◆ **TASK REQUIREMENTS**
Set down every entry again, exactly as it appears.

== INFORMATION SUPPLIED

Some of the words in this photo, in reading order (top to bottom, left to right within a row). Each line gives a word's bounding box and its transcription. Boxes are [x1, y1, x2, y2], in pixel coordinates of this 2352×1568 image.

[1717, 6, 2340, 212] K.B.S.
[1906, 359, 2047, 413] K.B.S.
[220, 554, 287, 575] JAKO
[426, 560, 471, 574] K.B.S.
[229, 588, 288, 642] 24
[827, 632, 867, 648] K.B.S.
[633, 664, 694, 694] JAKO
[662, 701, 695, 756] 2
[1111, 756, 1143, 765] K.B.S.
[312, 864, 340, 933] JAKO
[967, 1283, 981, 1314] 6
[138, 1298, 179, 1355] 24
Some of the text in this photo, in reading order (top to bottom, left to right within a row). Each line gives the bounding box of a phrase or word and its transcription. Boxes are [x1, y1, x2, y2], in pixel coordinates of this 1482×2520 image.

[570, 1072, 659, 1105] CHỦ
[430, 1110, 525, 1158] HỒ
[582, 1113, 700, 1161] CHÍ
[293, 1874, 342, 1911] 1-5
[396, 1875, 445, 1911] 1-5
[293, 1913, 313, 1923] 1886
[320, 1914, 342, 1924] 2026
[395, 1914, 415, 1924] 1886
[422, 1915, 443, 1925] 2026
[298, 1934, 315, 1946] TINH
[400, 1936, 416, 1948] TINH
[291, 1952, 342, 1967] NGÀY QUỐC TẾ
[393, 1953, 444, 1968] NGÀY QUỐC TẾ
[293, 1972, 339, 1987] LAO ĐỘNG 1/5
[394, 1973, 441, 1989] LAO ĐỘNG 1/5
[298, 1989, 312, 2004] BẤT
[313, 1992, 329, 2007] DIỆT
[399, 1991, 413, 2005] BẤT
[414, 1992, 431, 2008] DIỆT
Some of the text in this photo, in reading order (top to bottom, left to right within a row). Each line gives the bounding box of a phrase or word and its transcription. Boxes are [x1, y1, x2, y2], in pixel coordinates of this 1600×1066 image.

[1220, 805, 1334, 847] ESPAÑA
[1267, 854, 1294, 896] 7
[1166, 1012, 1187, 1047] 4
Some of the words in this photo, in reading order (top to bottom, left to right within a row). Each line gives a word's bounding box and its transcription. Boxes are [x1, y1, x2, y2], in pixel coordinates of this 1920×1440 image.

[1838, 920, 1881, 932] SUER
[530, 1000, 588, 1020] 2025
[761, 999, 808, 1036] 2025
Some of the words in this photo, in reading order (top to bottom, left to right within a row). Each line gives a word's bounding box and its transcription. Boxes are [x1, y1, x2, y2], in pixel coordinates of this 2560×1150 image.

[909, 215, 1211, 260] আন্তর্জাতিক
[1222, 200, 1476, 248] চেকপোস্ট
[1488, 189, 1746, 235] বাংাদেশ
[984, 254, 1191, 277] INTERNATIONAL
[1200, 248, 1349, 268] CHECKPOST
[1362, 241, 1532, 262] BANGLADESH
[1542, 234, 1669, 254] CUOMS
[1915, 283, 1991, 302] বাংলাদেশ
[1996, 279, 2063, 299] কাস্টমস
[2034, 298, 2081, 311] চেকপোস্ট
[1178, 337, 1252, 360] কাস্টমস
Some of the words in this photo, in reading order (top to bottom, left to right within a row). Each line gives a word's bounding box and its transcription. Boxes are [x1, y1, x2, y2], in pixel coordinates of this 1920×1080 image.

====

◆ **YOUR RESPONSE**
Some of the words in this photo, in reading order (top to bottom, left to right within a row). Each line gives a word's bounding box and its transcription. Boxes are [x1, y1, x2, y2], in pixel coordinates of this 2352×1568 image.

[1717, 6, 2340, 212] K.B.S.
[1906, 359, 2047, 413] K.B.S.
[220, 554, 287, 575] JAKO
[426, 560, 471, 574] K.B.S.
[229, 588, 288, 642] 24
[827, 632, 867, 648] K.B.S.
[633, 664, 694, 694] JAKO
[662, 701, 695, 756] 2
[1111, 756, 1143, 765] K.B.S.
[312, 864, 340, 933] JAKO
[967, 1283, 981, 1314] 6
[138, 1298, 179, 1355] 24
Some of the text in this photo, in reading order (top to bottom, left to right within a row). Each line gives the bounding box of a phrase or word and its transcription. Boxes are [x1, y1, x2, y2], in pixel coordinates of this 1482×2520 image.

[570, 1072, 659, 1105] CHỦ
[430, 1110, 525, 1158] HỒ
[582, 1113, 700, 1161] CHÍ
[293, 1874, 342, 1911] 1-5
[396, 1875, 445, 1911] 1-5
[293, 1913, 313, 1923] 1886
[320, 1914, 342, 1924] 2026
[395, 1914, 415, 1924] 1886
[422, 1915, 443, 1925] 2026
[298, 1934, 315, 1946] TINH
[400, 1936, 416, 1948] TINH
[291, 1952, 342, 1967] NGÀY QUỐC TẾ
[393, 1953, 444, 1968] NGÀY QUỐC TẾ
[293, 1972, 339, 1987] LAO ĐỘNG 1/5
[394, 1973, 441, 1989] LAO ĐỘNG 1/5
[298, 1989, 312, 2004] BẤT
[313, 1992, 329, 2007] DIỆT
[399, 1991, 413, 2005] BẤT
[414, 1992, 431, 2008] DIỆT
Some of the text in this photo, in reading order (top to bottom, left to right within a row). Each line gives the bounding box of a phrase or word and its transcription. Boxes are [x1, y1, x2, y2], in pixel coordinates of this 1600×1066 image.

[1220, 805, 1334, 847] ESPAÑA
[1267, 854, 1294, 896] 7
[1166, 1012, 1187, 1047] 4
Some of the words in this photo, in reading order (top to bottom, left to right within a row). Each line gives a word's bounding box and its transcription. Boxes are [x1, y1, x2, y2], in pixel coordinates of this 1920×1440 image.

[1838, 920, 1881, 932] SUER
[530, 1000, 588, 1020] 2025
[761, 999, 808, 1036] 2025
Some of the words in this photo, in reading order (top to bottom, left to right within a row). Each line gives a word's bounding box and its transcription. Boxes are [x1, y1, x2, y2], in pixel coordinates of this 2560×1150 image.

[909, 215, 1211, 260] আন্তর্জাতিক
[1222, 200, 1476, 248] চেকপোস্ট
[1488, 189, 1746, 235] বাংাদেশ
[984, 254, 1191, 277] INTERNATIONAL
[1200, 248, 1349, 268] CHECKPOST
[1362, 241, 1532, 262] BANGLADESH
[1542, 234, 1669, 254] CUOMS
[1915, 283, 1991, 302] বাংলাদেশ
[1996, 279, 2063, 299] কাস্টমস
[2034, 298, 2081, 311] চেকপোস্ট
[1178, 337, 1252, 360] কাস্টমস
Some of the words in this photo, in reading order (top to bottom, left to right within a row). Each line gives a word's bounding box and its transcription. Boxes are [x1, y1, x2, y2], in pixel coordinates of this 1920×1080 image.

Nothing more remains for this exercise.